# Exercise directions
Could the records be returned exactly, with the pictures left out?

------

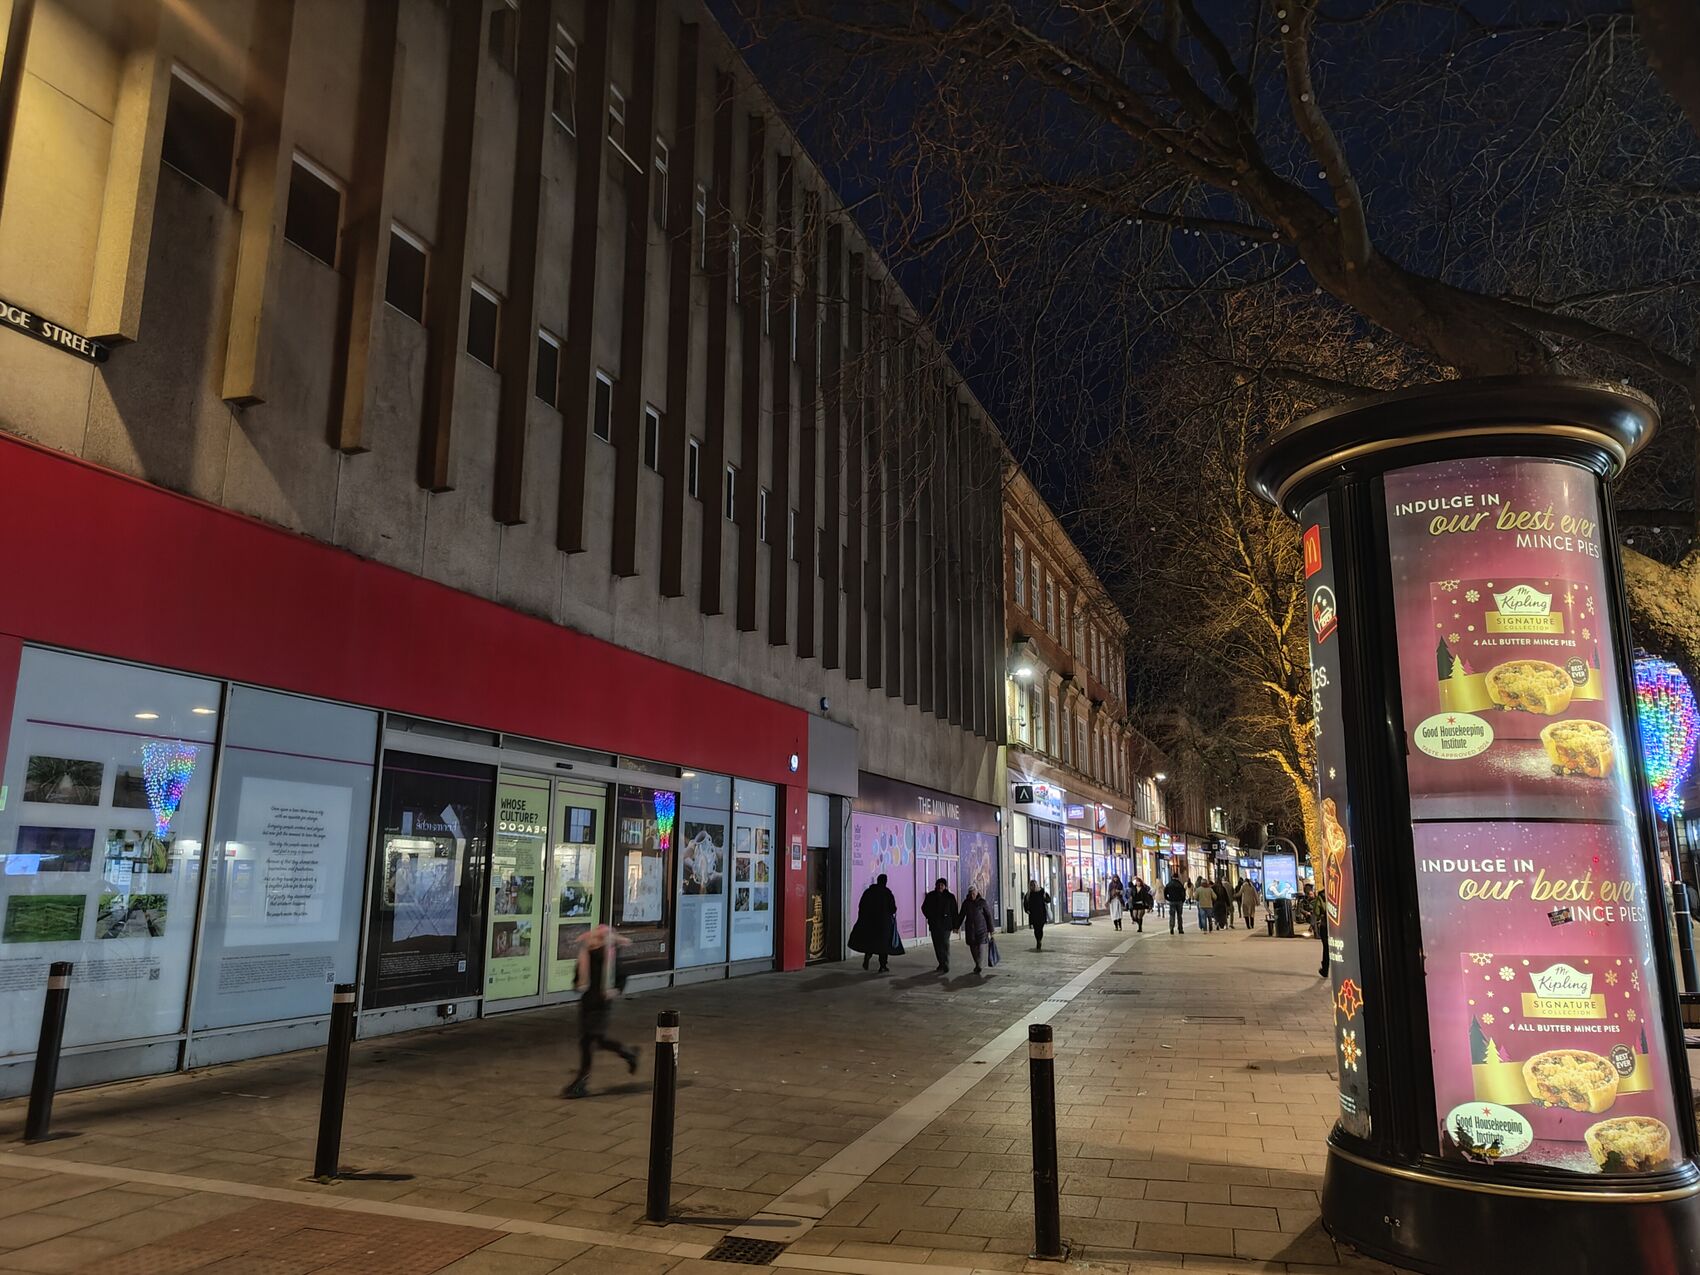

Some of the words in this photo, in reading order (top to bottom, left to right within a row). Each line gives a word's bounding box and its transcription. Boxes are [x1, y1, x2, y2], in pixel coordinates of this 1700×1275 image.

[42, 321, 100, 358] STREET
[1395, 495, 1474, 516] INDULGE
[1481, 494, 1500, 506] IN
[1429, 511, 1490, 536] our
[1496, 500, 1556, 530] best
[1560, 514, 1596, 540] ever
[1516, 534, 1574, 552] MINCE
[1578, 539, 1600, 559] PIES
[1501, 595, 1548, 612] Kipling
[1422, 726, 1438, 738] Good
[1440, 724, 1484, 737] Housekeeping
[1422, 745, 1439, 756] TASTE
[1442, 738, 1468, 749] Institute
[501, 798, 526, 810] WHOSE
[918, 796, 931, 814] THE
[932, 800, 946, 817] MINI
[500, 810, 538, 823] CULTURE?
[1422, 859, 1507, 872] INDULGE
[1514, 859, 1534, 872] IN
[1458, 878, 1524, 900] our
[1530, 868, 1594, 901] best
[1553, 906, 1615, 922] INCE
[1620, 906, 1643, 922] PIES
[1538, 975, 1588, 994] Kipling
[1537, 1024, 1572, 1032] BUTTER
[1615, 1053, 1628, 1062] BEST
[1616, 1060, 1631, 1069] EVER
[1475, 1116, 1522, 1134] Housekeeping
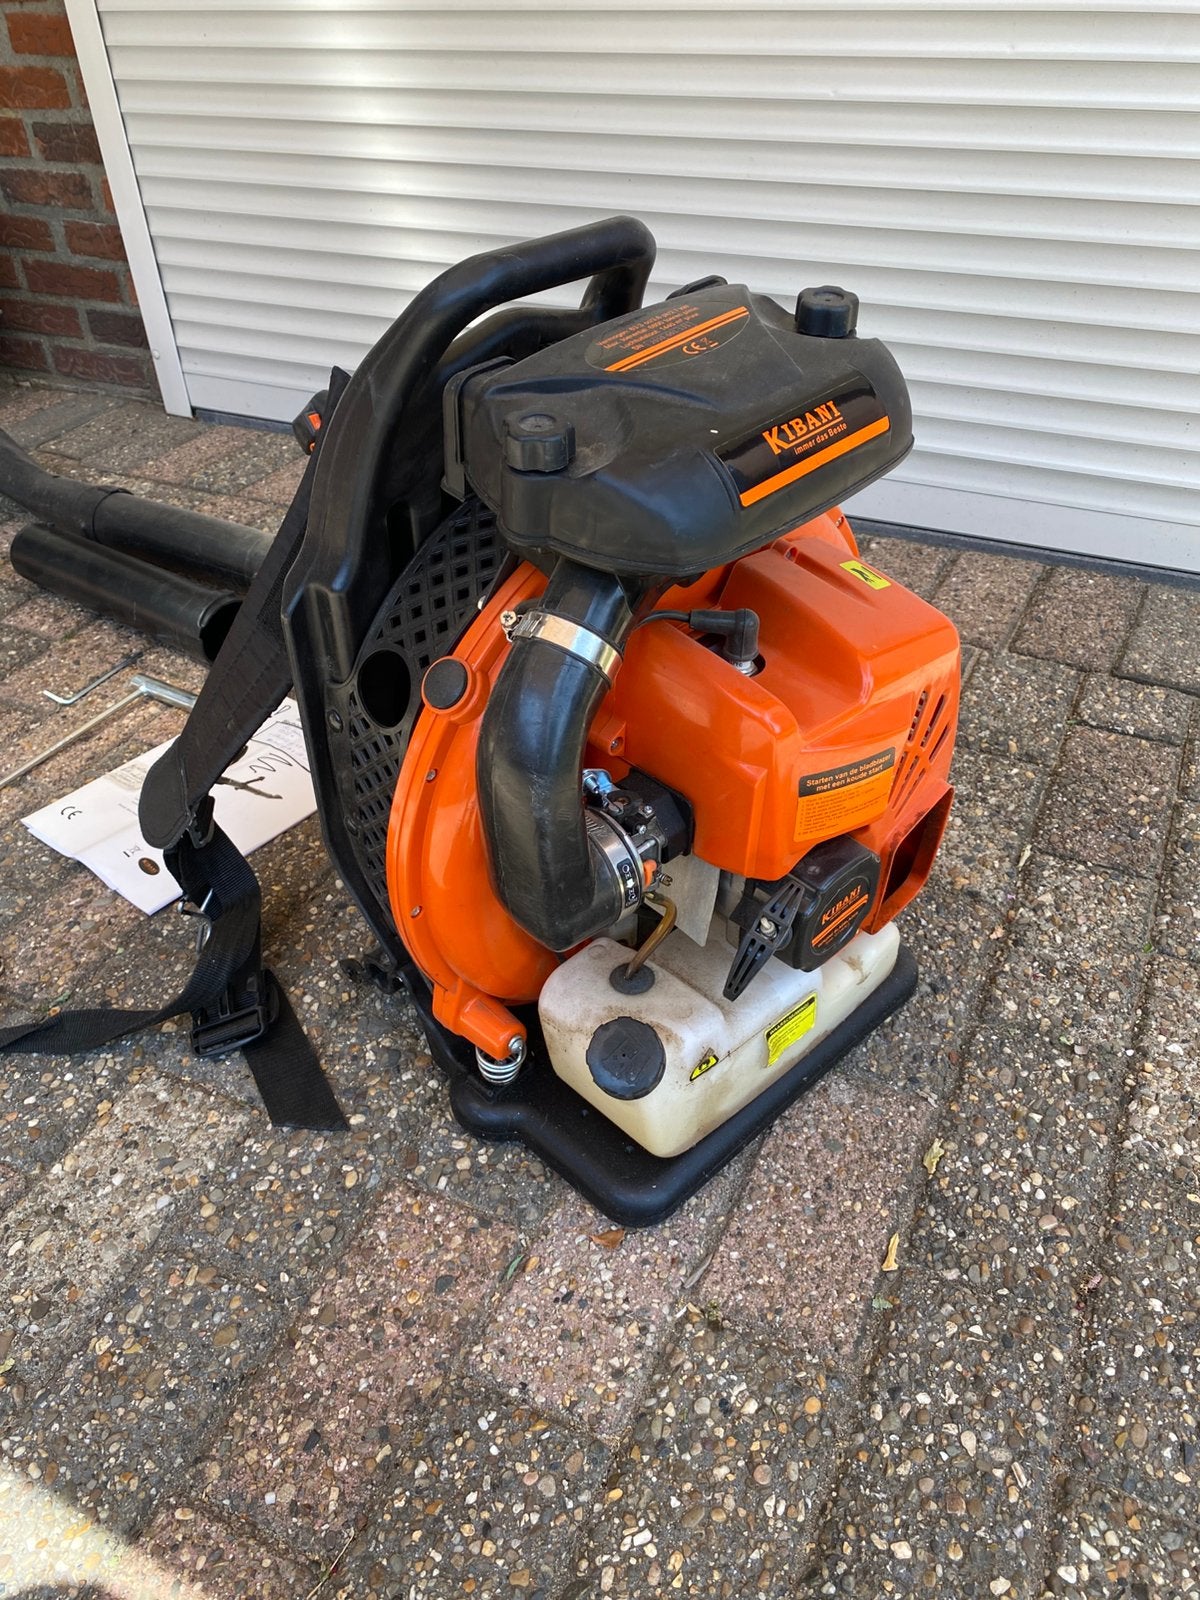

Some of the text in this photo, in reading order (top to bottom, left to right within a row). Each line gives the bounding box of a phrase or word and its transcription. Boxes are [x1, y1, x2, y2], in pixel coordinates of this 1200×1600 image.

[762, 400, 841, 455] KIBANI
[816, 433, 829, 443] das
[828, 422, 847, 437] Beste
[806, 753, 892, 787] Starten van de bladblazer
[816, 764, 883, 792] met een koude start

------

# Answer box
Some of the words in this photo, in reading order (top to bottom, left to right within a row). Each line gives a word's bounding box and its transcription. Boxes are [x1, y1, x2, y2], in pixel coordinates of this 1700×1275 image.

[42, 321, 100, 358] STREET
[1395, 495, 1474, 516] INDULGE
[1481, 494, 1500, 506] IN
[1429, 511, 1490, 536] our
[1496, 500, 1556, 530] best
[1560, 514, 1596, 540] ever
[1516, 534, 1574, 552] MINCE
[1578, 539, 1600, 559] PIES
[1501, 595, 1548, 612] Kipling
[1422, 726, 1438, 738] Good
[1440, 724, 1484, 737] Housekeeping
[1422, 745, 1439, 756] TASTE
[1442, 738, 1468, 749] Institute
[501, 798, 526, 810] WHOSE
[918, 796, 931, 814] THE
[932, 800, 946, 817] MINI
[500, 810, 538, 823] CULTURE?
[1422, 859, 1507, 872] INDULGE
[1514, 859, 1534, 872] IN
[1458, 878, 1524, 900] our
[1530, 868, 1594, 901] best
[1553, 906, 1615, 922] INCE
[1620, 906, 1643, 922] PIES
[1538, 975, 1588, 994] Kipling
[1537, 1024, 1572, 1032] BUTTER
[1615, 1053, 1628, 1062] BEST
[1616, 1060, 1631, 1069] EVER
[1475, 1116, 1522, 1134] Housekeeping

Some of the text in this photo, in reading order (top to bottom, left to right within a row). Each line gives the bounding box of a phrase or word and its transcription. Boxes are [x1, y1, x2, y2], in pixel coordinates of this 1200×1600 image.

[762, 400, 841, 455] KIBANI
[816, 433, 829, 443] das
[828, 422, 847, 437] Beste
[806, 753, 892, 787] Starten van de bladblazer
[816, 764, 883, 792] met een koude start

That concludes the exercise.